Sprache des Tagungstitel:
Englisch
Original Kurzfassung:
The paper is based on two research projects: the Austrian country study Decent Care Work? Transnational Home Care Arrangements; and the Sri Lankan country study Ideal Migrant Subjects: Domestic Service in Globalization;. Drawing on the projects, we explore and compare migration brokerage in terms of both labour and care brokerage. We present our theoretical framework combining Polanyian, neo-institutionalist and intersectional perspectives to analyse the complex interplay of marketisation, expectations and evaluations founded in the normative and institutional order of the society and social inequalities along different and intersecting axes, such as gender, class, race, and nationality. Starting with the Sri Lankan case of domestic work brokerage and moving on to the Austrian case of senior care brokerage, our paper interrogates the role and latitude of brokerage agencies in constituting and shaping the contemporary migration industry including the expectations of clients, the conditions of the live-in arrangement as well as bureaucratic representations. The paper shows how brokers act as marketeers in transnational labour and care markets, interpreters of bureaucratic rules and lobbyists aiming at receiving (more) support by the state and politics and establishing their business in favour of their domestic service provision for solvent clients.

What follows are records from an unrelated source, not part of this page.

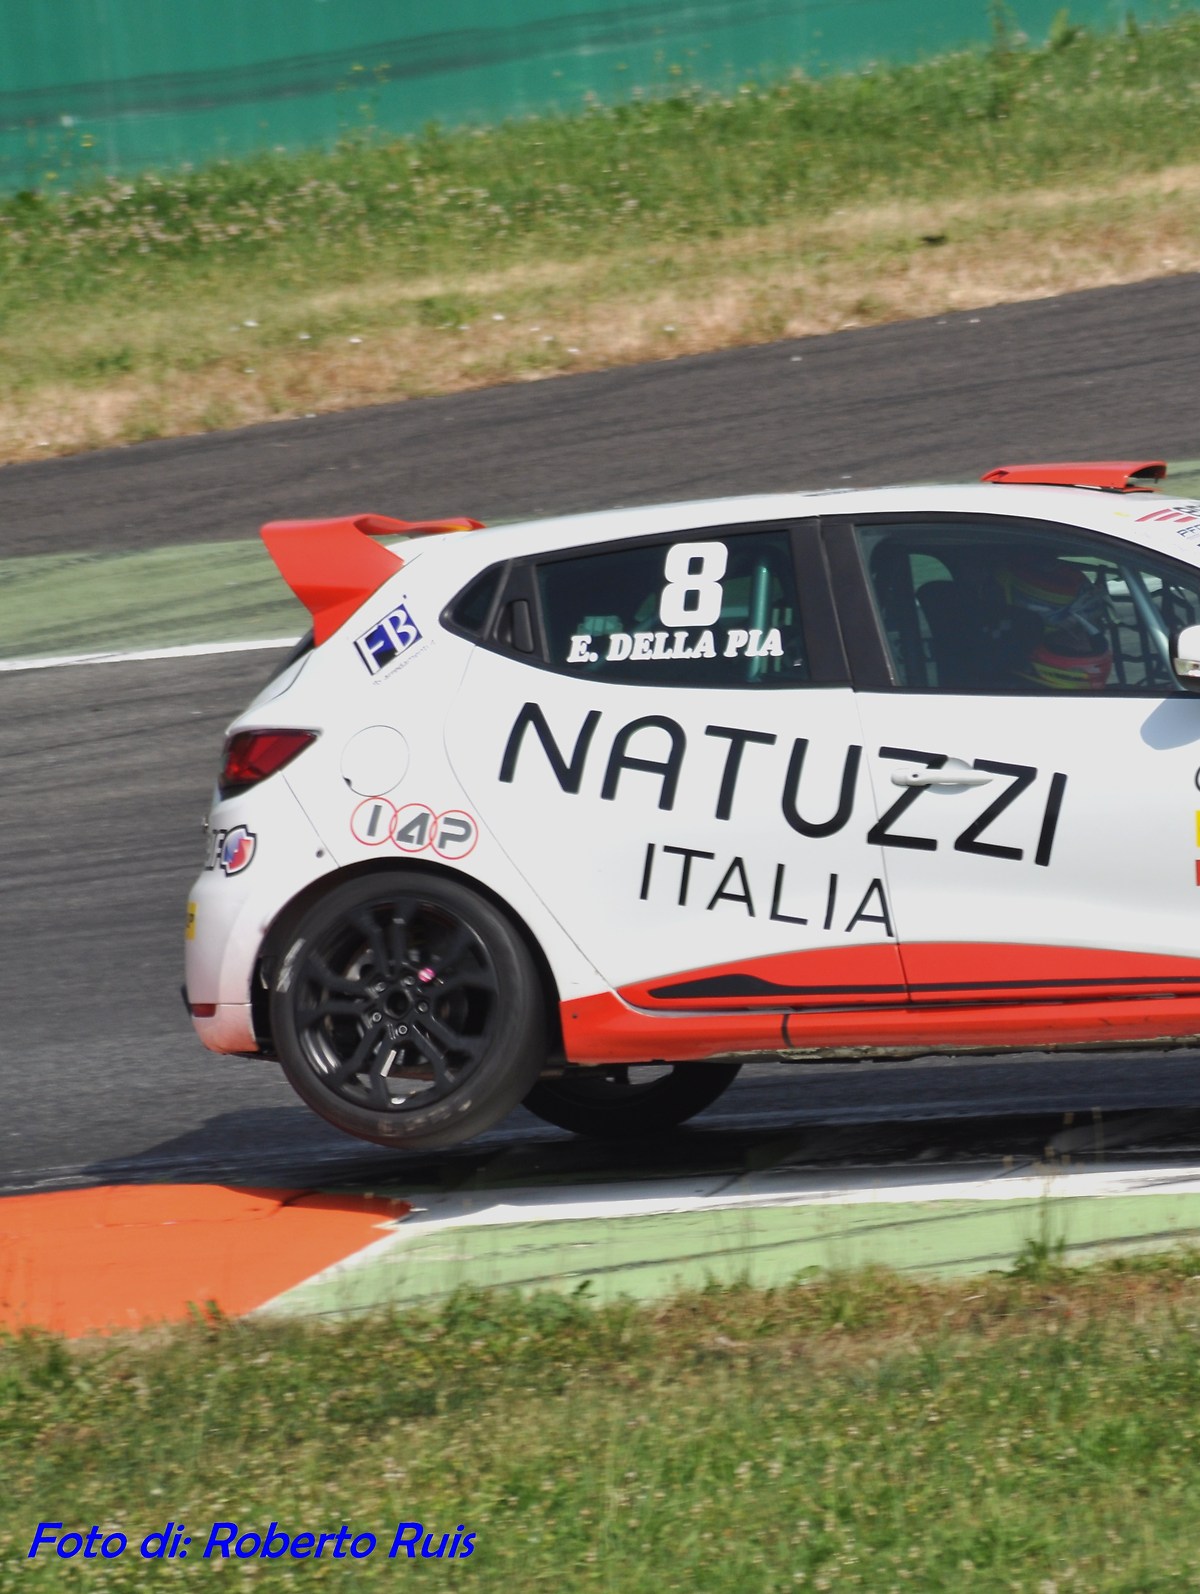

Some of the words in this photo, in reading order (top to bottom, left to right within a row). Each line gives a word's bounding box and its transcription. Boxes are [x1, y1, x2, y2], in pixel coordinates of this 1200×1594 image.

[660, 541, 728, 627] 8
[566, 634, 598, 662] E.
[606, 630, 717, 661] DELLA
[723, 628, 784, 657] PIA
[499, 702, 1067, 867] NATUZZI
[639, 843, 896, 937] ITALIA
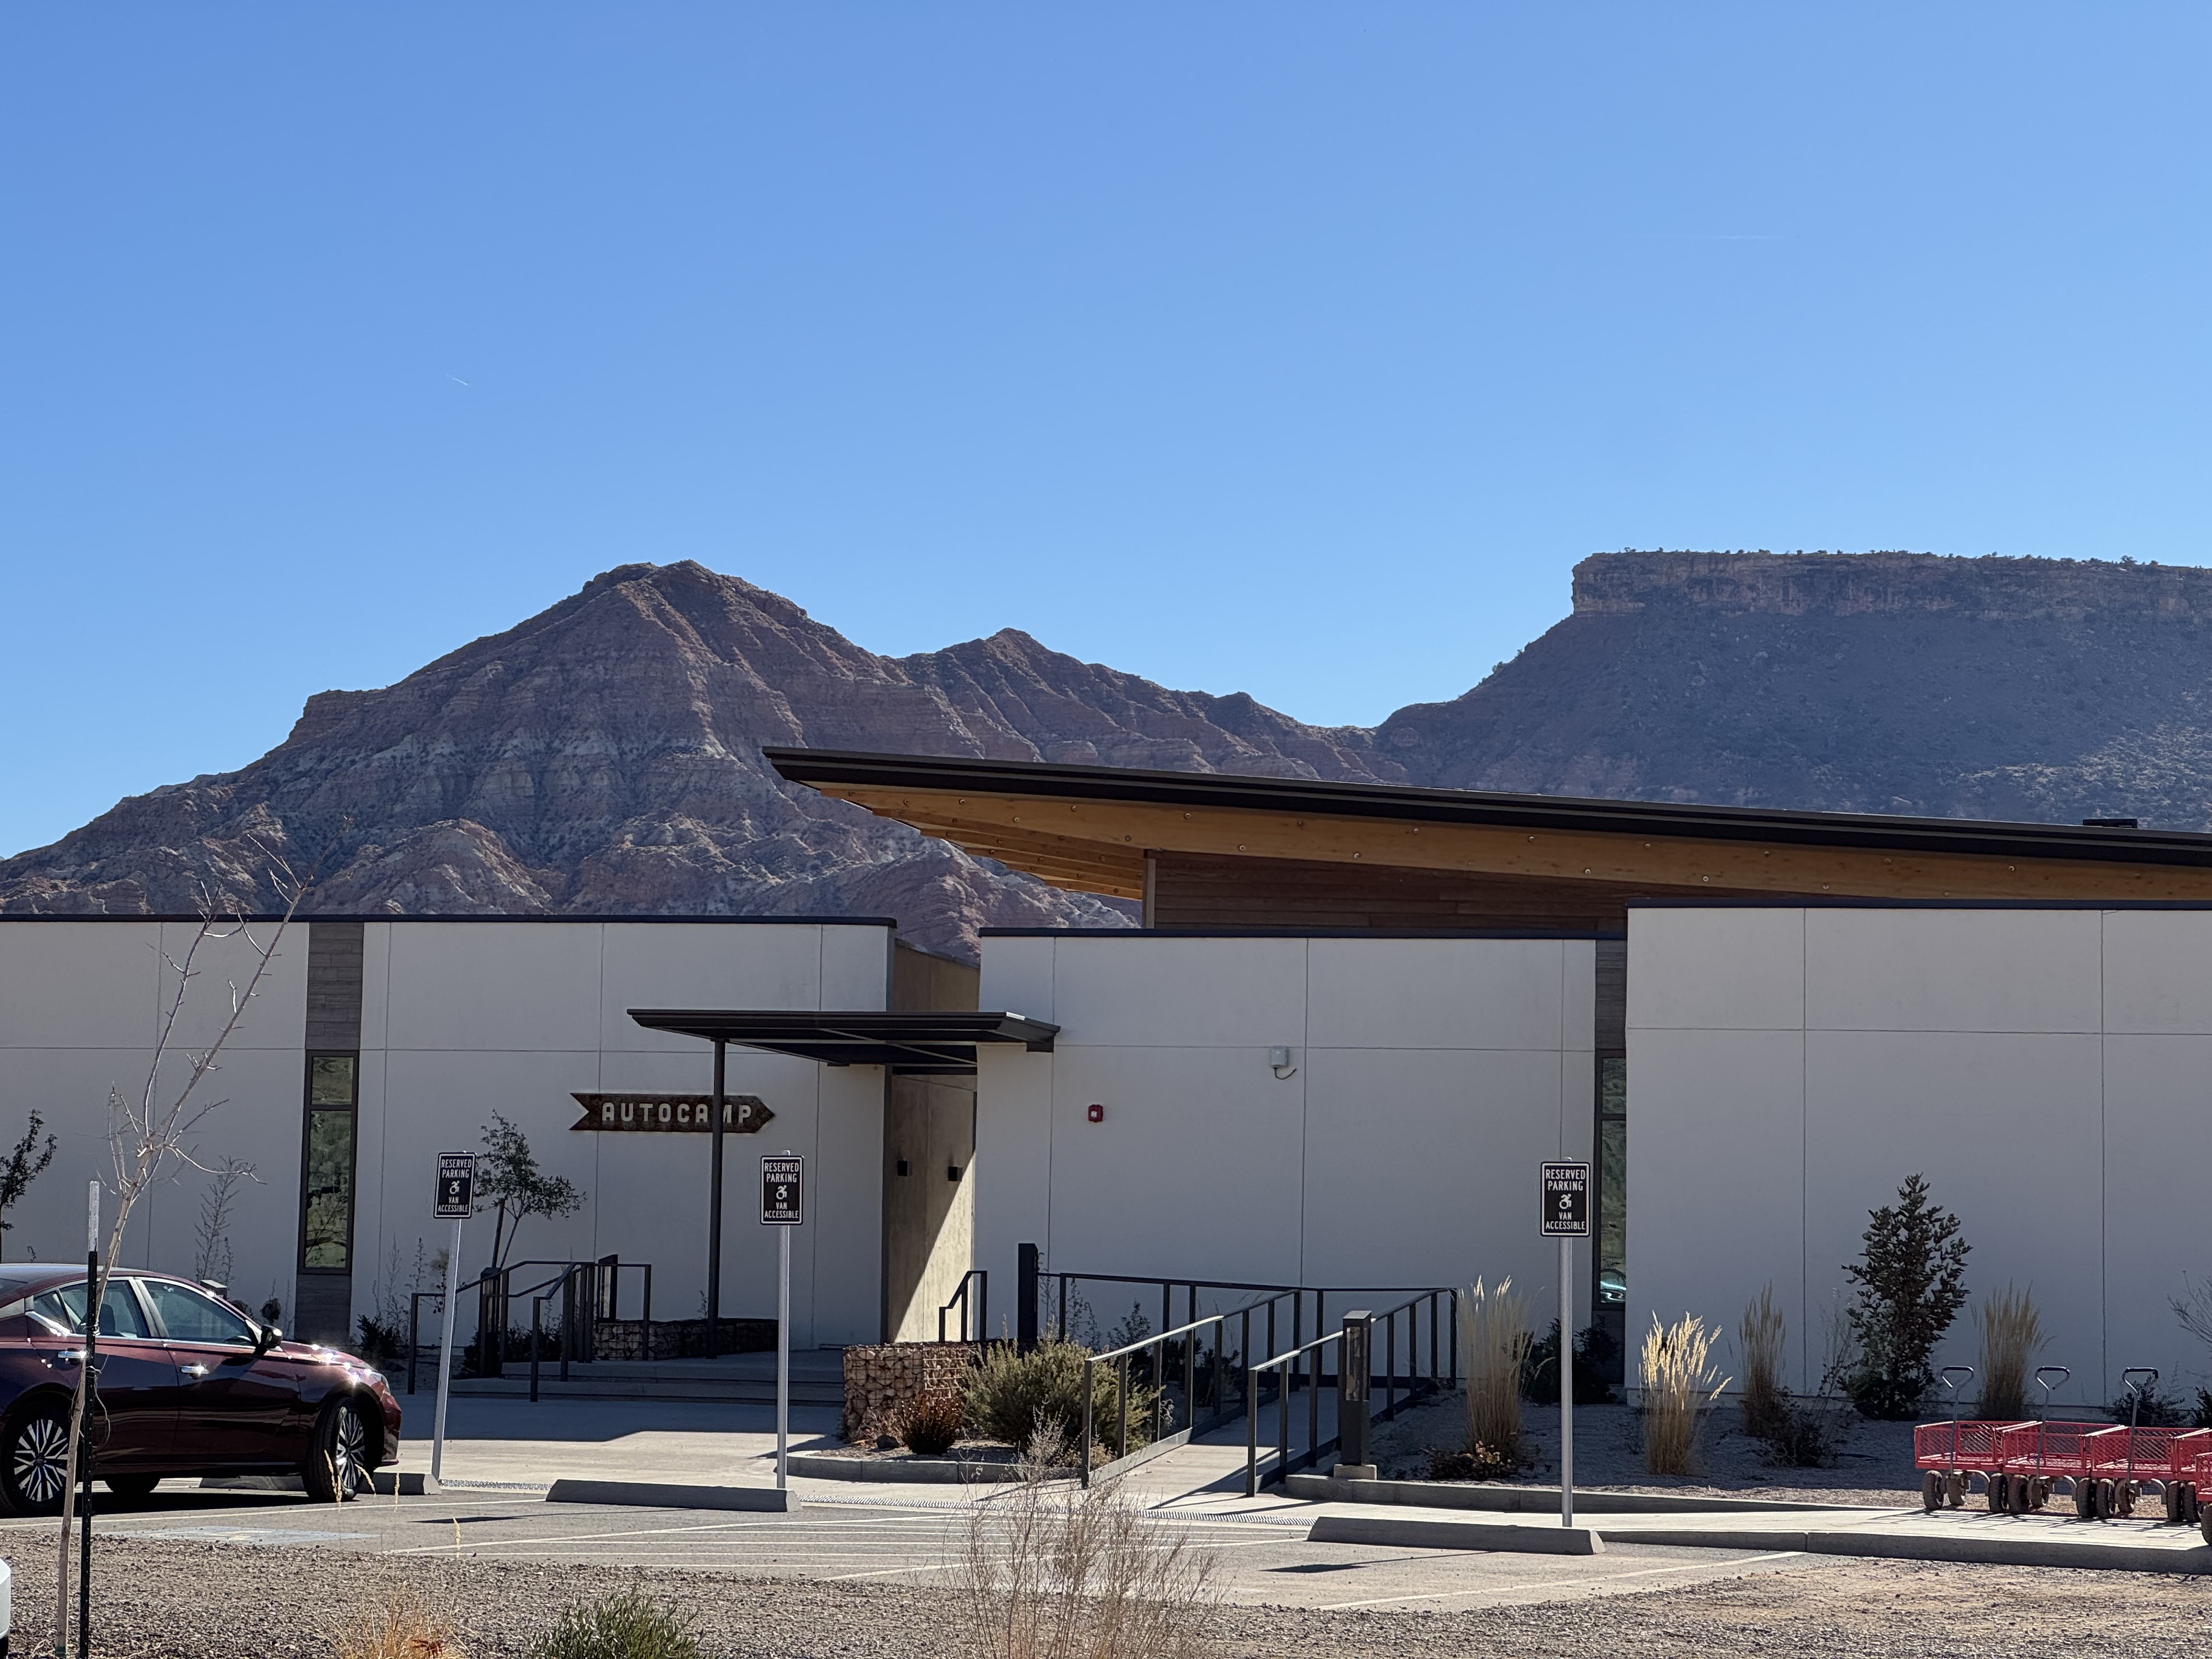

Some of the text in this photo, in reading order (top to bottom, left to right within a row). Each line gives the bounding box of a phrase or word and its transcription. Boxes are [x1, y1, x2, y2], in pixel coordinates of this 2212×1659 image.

[441, 1159, 472, 1168] RESERVED
[764, 1163, 799, 1172] RESERVED
[442, 1169, 470, 1178] PARKING
[766, 1173, 797, 1183] PARKING
[1545, 1169, 1585, 1180] RESERVED
[1548, 1181, 1583, 1191] PARKING
[437, 1204, 469, 1212] ACCESSIBLE
[764, 1210, 799, 1218] ACCESSIBLE
[1559, 1211, 1572, 1220] VAN
[1545, 1221, 1585, 1230] ACCESSIBLE
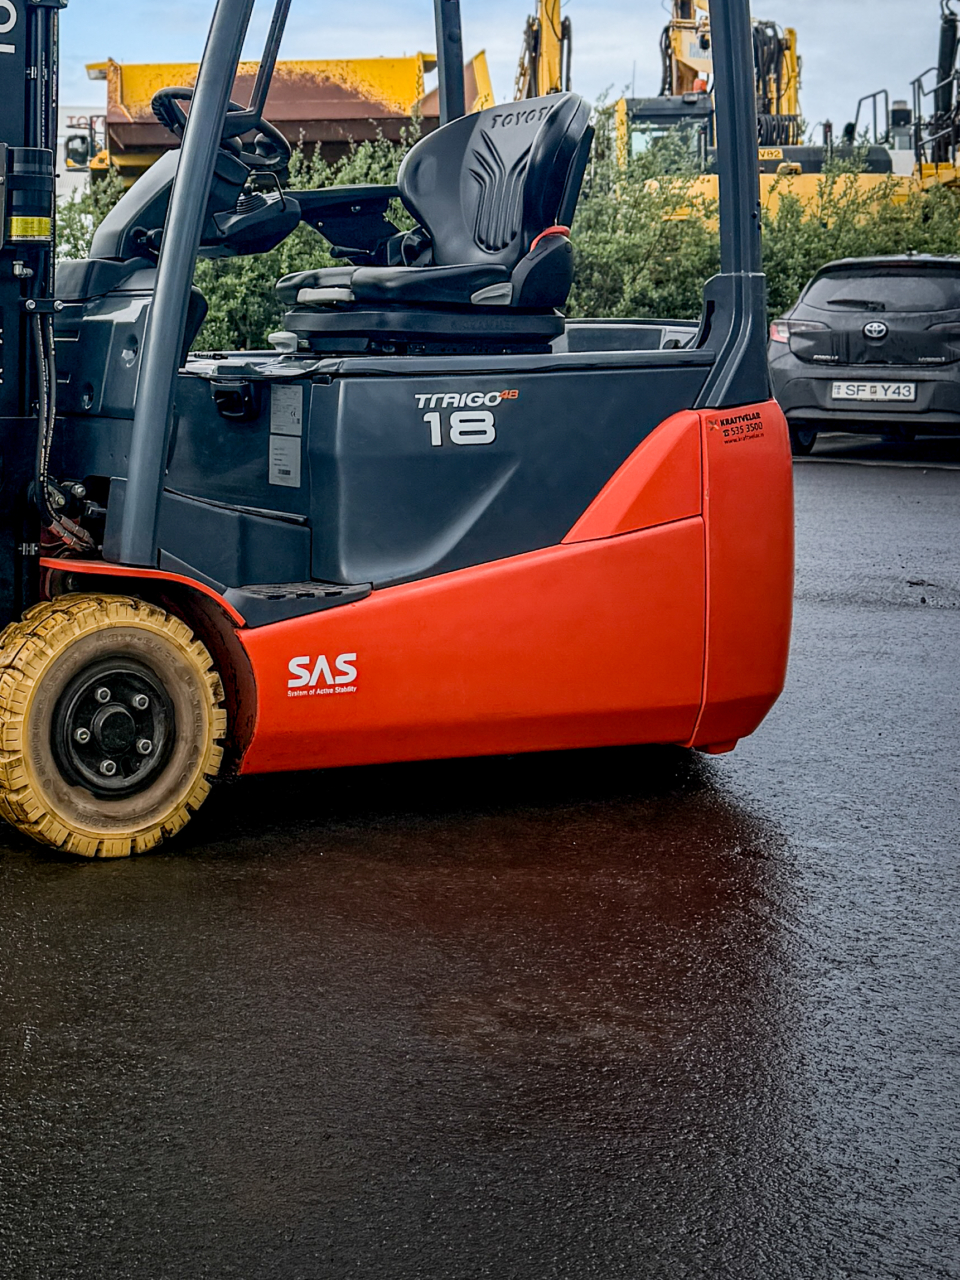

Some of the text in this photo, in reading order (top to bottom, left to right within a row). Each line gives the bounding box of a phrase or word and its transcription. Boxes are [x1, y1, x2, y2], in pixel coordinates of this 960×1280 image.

[845, 384, 912, 398] SF Y43
[423, 410, 496, 446] 18
[730, 421, 763, 436] 535 3500
[288, 653, 358, 688] SAS
[287, 685, 358, 698] System of Active Stability

We analyse how the respective labour and care arrangements take shape in the relations between market and state, economy and politics in an interplay of institutional logics and social inequalities, and how the exploitative marketisation of the fictitious commodities labour and care and poor working conditions are persistently contested yet legitimised elements of this migration industry. Fourth and finally, our conclusion reflects on differences and commonalities between the two cases of brokerage, which constitutes an indispensable element of the migration industry in the Global North as well as the South.